I have a theory as to why they're so bored by it though: They're doing it all at once.

My FFXIV character circa 2013-2015

This image is older than some of my relatives, and every analog horror series that isn't Marble Hornets.

Something lost by incremental boosts to XP gain, the addition of gear coffers to keep you up to date, and the push to Be Current is that ARR is still, to this day, FFXIV's largest expansion. The intent of the experience was for you to hit an XP/gear wall or even just finish an arc thinking "wew, time for a break" and decide to do so by engaging in diversions. These diversions - crafting, gathering, other jobs and optional dungeons - are placed along the player's path in such a way that practically screams at you to try them out. When the game takes off the regional limiters and sends you straight towards the other starting cities, it's quite obviously guiding you to try out all the jobs there.
There's little reason to engage with this in the modern gamestate, however. Gear and XP are provided for, and even if you *do* get distracted it's not like crafting and gathering are things that take effort or even much in the way of time. With future expansions looming, as well as the promise of all those cool jobs and raid series' in them, why wouldn't you keep on trucking? This is something that becomes much more tangible if you spend some time with FFXI; the game's predecessor. ARR has a not-insubstantial amount of XI DNA in it - albeit nowhere near as much as 1.0 - and when viewed through this lens it's much easier to parse.

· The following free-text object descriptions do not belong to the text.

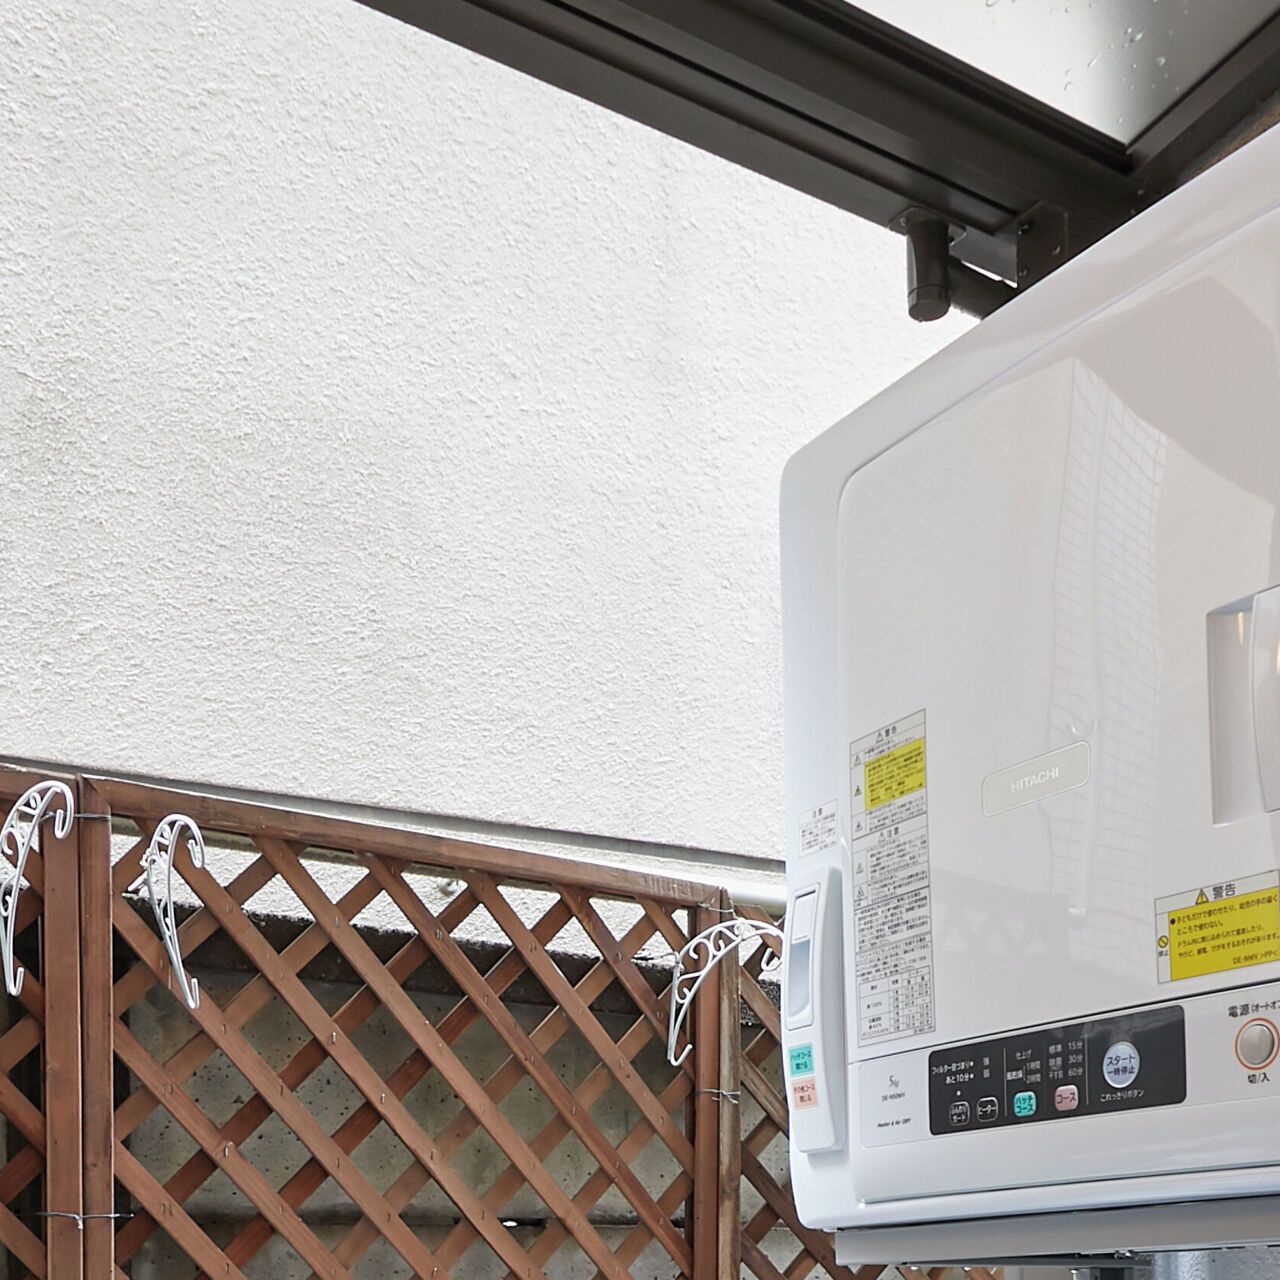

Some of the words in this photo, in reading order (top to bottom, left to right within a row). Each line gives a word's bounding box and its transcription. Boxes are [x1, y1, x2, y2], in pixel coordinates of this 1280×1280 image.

[1011, 767, 1058, 792] HITACHI
[1213, 883, 1236, 900] 警告
[1107, 1054, 1136, 1067] スタート
[1107, 1065, 1136, 1076] 一時停止
[1247, 1072, 1270, 1084] 切/入
[1015, 1095, 1033, 1105] ハッチ
[1056, 1092, 1078, 1104] コース
[1100, 1089, 1144, 1102] これっきりボタン
[978, 1104, 997, 1115] ヒーター
[1016, 1105, 1034, 1114] コース
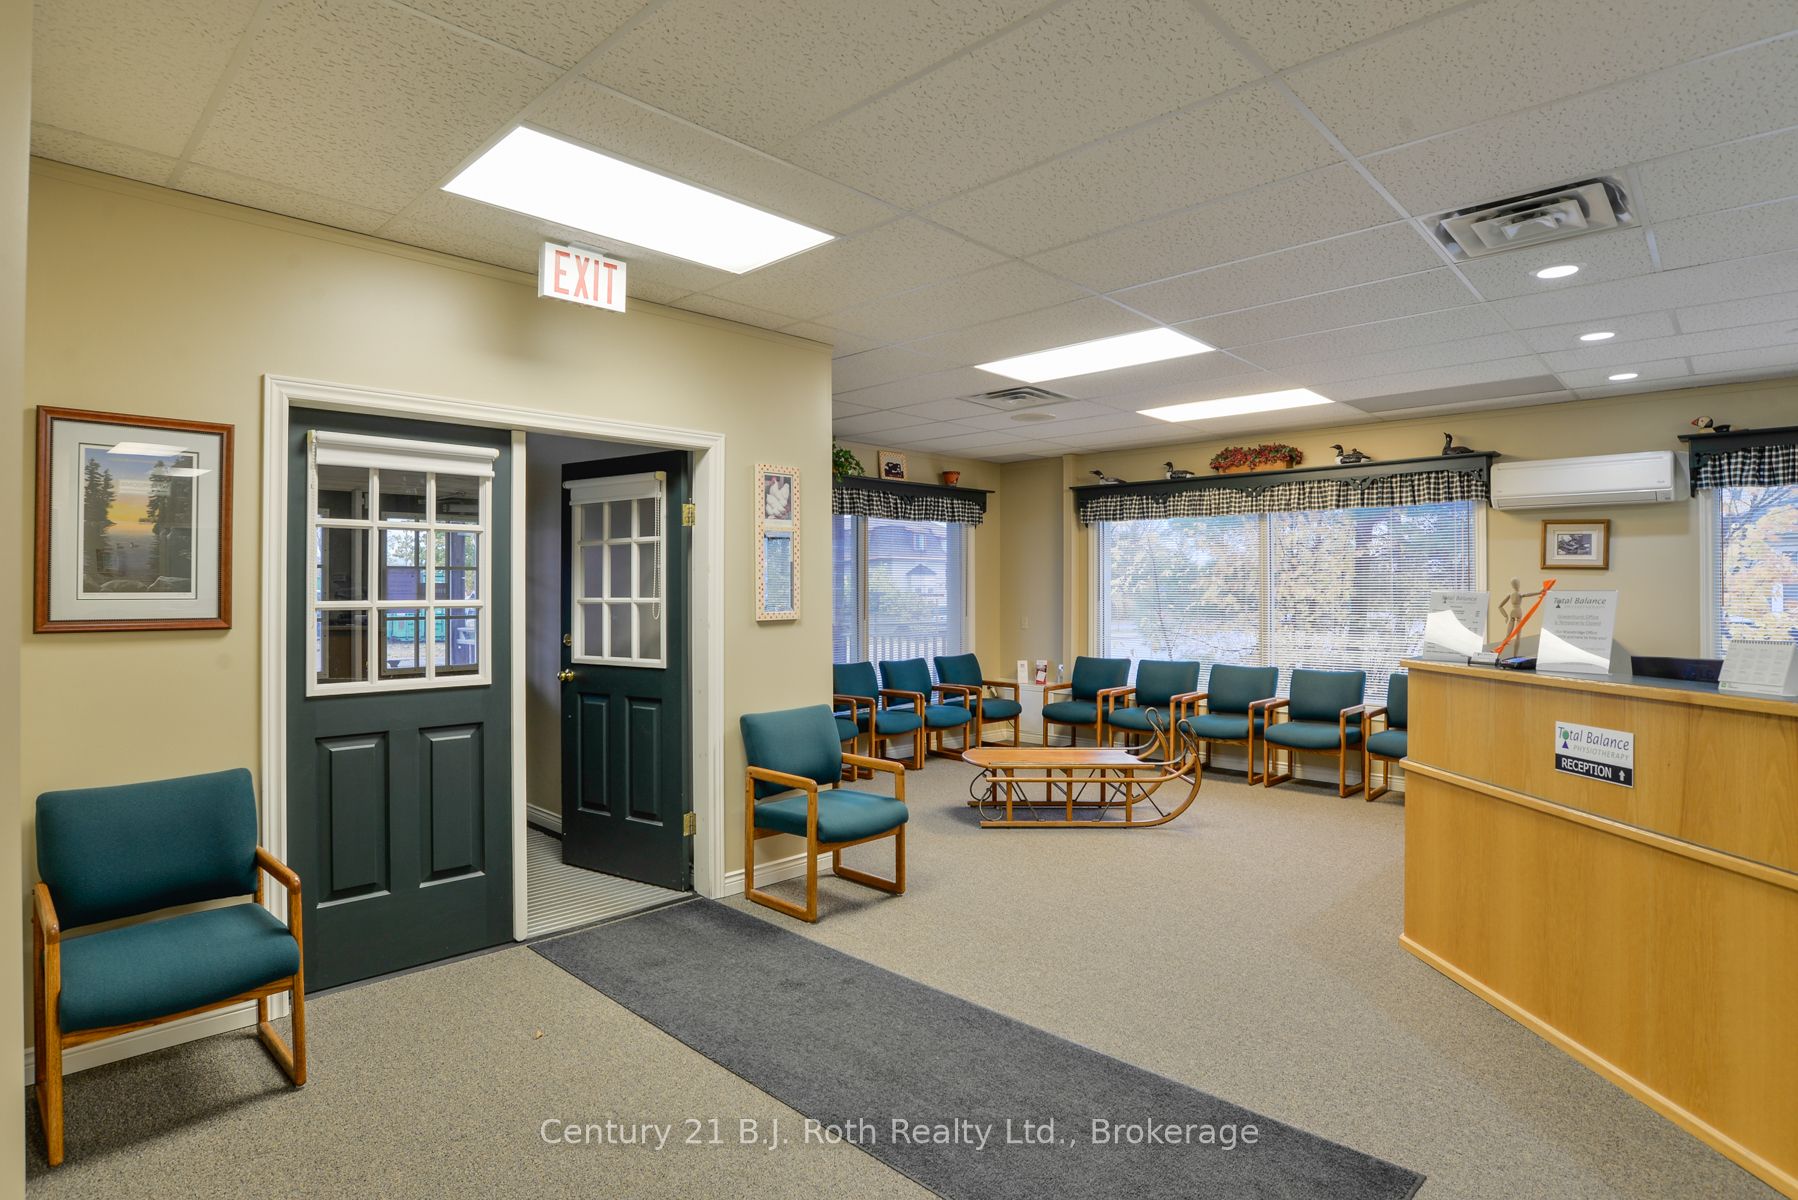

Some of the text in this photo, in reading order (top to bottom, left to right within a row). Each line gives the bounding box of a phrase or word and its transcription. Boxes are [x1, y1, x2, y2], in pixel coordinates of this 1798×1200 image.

[554, 250, 617, 304] EXIT
[1574, 597, 1607, 605] Balance
[1558, 726, 1630, 751] Total Balance
[1573, 745, 1630, 761] PHYSIOTHERAPY
[1561, 758, 1612, 779] RECEPTION
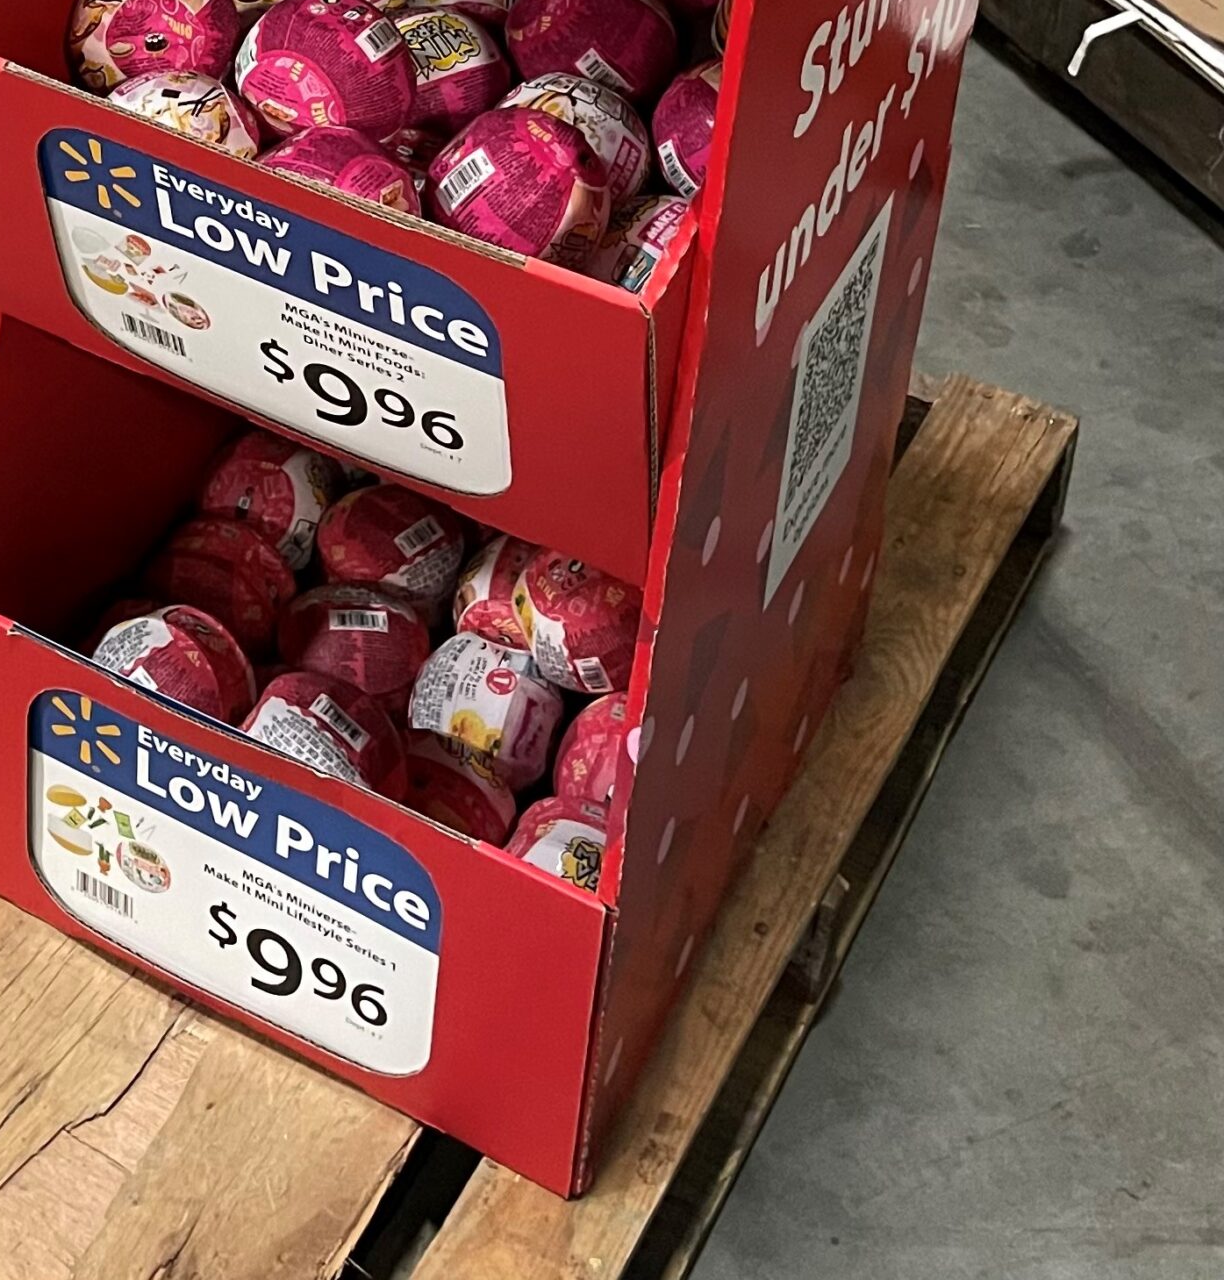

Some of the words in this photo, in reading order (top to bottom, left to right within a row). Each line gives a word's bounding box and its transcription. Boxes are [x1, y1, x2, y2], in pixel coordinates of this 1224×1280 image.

[152, 164, 290, 238] Everyday
[755, 84, 896, 331] under
[156, 188, 292, 277] Low
[311, 251, 489, 357] Price
[281, 313, 320, 336] Make
[324, 330, 334, 342] It
[338, 337, 371, 357] Mini
[375, 352, 426, 379] Foods:
[285, 302, 330, 328] MGA's
[303, 334, 343, 357] Diner
[347, 353, 392, 377] Series
[396, 373, 405, 383] 2
[137, 725, 263, 801] Everyday
[136, 747, 260, 839] Low
[276, 815, 430, 931] Price
[204, 864, 239, 889] Make
[242, 883, 252, 896] It
[255, 890, 283, 912] Mini
[286, 906, 342, 942] Lifestyle
[346, 936, 386, 966] Series
[390, 961, 397, 972] 1
[242, 870, 283, 897] MGA's
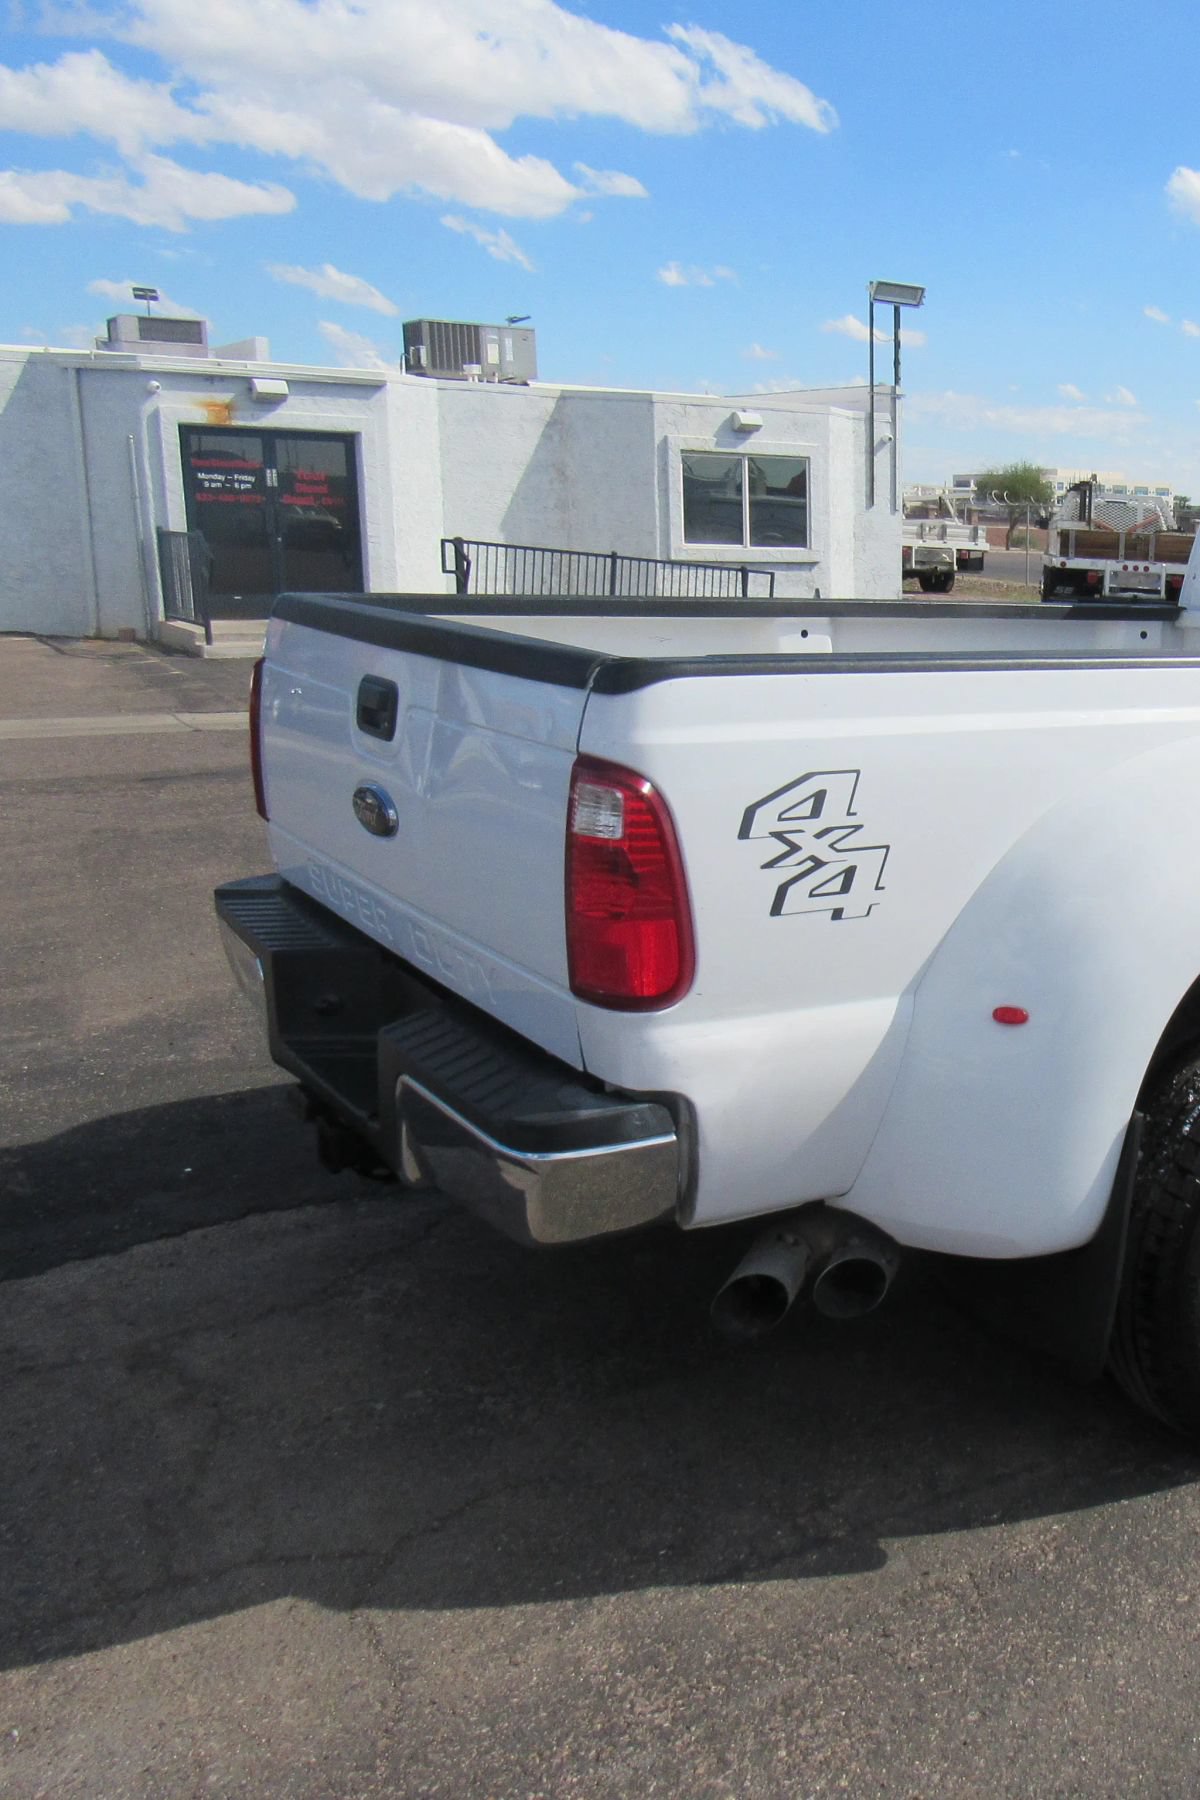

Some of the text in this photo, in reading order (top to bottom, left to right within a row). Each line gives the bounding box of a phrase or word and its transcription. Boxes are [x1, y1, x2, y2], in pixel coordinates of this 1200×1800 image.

[197, 472, 226, 481] Monday
[234, 473, 256, 483] Friday
[307, 864, 394, 941] SUPER

There's also the matter of the story itself. I know differing opinions exist and all but it's quite funny to see people posit that early XIV players must've been bored out of their mind until it "got good", when I and nearly everyone else who started while ARR was the totality of XIV were taken by the story existing at all. It's not exactly high art and isn't my favourite MSQ - that's 7.0 - but in an era where everything was succumbing to diet-Warcraft fantasy it was nice to play something with lower stakes. It was at times slow and plodding but it had a smaller cast of characters that it was keen to highlight whenever possible and, more importantly, bothered to focus on its world as something more than just an expository infodump. Sure, it had a lot of those infodumps, yet those were significantly less unwieldy than some of what comes after. It's 2026 and every expansion still opens with a two-branch exposition quest series where 3/4 of the runtime is unvoiced text telling you stuff that's so irrelevant it won't even make it into the next Encyclopedia Eorzea.
I've dogged on Naoki Yoshida and his cohort of writers for loving Matsuno's work but not really getting it; ARR is the closest they come to understanding the works they're a fan of. Eorzea are the "good guys" but they're also deeply corrupt ethnonationalists who hate one another and are ruled by systems of governance that, on a good day, exist to make money. Garlemald, not yet elevated to the status of Literally The Nazis by subsequent expansions, are trying to enforce the same kind of rule upon Eorzea that Eorzea itself is enforcing upon the """beast men""". It's not Tactics Ogre and it's not even FF12 but it's closer to either of those than future stories in the setting. And yes I include Stormblood in that; we can talk about it if I ever do a retrospective on THAT.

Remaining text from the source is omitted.